While we all knew there were impending layoffs, I was confident my job was safe. After all, I was the sole writer on the largest account in the building. I was necessary.
(The pitfalls of employing logic in business situations.)
The day of the big announcement, I stupidly arrived at work early, prepared to console and support my friends. I even posted a smartass status on my facebook page, something about practicing saying, "Would you like fries with your order?"
What a riot, right?
Like a scene from bad reality television, we all received meeting invites. But surprise! There were two simultaneous meetings. When I realized that all of my teammates were in the "other" meeting room, I remember a dull, frozen shock. And half-hearted reassurances we all knew were bullshit.
They got a golden ticket that day. Mine was more decidedly pink.
I stumbled blindly to my assigned meeting room, trying not to meet the gaze of any other doomed coworkers.
It can't be true. It can't be, can't be, can't be true.
Walked into the room. Was stunned at how full it was. Certainly there's some mistake. They can't let all of us go.
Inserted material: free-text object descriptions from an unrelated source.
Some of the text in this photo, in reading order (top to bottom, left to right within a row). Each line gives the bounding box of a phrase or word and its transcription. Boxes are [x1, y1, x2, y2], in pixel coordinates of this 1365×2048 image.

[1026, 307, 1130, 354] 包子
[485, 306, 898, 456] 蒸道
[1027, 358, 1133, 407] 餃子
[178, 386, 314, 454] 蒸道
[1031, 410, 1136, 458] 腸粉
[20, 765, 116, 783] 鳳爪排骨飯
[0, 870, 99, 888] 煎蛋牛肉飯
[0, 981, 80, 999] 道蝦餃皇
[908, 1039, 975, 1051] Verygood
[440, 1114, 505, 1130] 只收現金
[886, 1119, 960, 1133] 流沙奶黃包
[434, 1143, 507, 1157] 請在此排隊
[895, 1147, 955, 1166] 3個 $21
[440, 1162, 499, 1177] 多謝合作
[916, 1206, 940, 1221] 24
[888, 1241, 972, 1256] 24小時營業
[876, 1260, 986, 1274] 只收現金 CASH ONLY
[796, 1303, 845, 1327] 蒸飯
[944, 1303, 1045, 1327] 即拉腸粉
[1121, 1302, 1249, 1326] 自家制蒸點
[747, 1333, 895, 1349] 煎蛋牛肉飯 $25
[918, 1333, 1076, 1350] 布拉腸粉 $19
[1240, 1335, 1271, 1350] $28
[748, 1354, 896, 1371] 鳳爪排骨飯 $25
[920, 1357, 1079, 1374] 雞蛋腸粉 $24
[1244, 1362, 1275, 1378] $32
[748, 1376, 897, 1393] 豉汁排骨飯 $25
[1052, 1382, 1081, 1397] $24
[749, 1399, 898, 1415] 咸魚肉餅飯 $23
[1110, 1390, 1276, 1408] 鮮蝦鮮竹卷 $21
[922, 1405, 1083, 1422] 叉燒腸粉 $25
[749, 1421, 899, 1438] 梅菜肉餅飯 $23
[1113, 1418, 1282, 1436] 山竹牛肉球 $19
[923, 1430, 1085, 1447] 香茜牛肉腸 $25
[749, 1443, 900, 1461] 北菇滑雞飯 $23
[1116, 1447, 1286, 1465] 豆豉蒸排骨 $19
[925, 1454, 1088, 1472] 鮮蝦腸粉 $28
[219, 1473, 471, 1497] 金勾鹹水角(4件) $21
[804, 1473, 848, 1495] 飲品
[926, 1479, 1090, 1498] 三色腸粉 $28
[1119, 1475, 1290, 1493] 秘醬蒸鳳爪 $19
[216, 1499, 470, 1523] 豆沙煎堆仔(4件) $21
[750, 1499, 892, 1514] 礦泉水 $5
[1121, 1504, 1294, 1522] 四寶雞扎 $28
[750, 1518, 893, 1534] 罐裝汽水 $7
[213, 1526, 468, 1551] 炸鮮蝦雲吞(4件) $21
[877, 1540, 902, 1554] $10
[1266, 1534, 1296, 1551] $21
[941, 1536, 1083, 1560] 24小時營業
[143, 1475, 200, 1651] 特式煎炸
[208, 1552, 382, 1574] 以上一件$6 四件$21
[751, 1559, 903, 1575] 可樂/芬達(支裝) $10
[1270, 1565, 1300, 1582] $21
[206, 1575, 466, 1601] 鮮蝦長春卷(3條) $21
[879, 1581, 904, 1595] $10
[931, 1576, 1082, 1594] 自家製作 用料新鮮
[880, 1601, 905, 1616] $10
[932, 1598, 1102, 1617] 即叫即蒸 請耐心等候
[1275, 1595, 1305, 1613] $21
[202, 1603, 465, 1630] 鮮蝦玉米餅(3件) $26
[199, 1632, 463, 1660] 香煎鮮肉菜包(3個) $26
Who will do the work?
Then I noticed people crying quietly. Consoling each other. And that seated among the shell-shocked faces were several other coworkers whose sole contributions to the company had been occupying a cubicle and transferring coffee from the machine to the toilet.
This is what it feels like to be laid off.
Then the HR director walked into the room followed by a bunch of somber-faced strangers in expensive dark suits. Definitely the people you'd hire to deliver bad news. They spoke in low monotone voices, like funeral directors or oncology doctors.
I was at the front of the room. No one would make eye contact with me.
From that point on, I just remember crying. A lot. Knowing I should be paying attention, but it was like Charlie Brown's teacher with only occasional words sinking in.
Severance. COBRA. Thanks for the memories. Pack up and get out.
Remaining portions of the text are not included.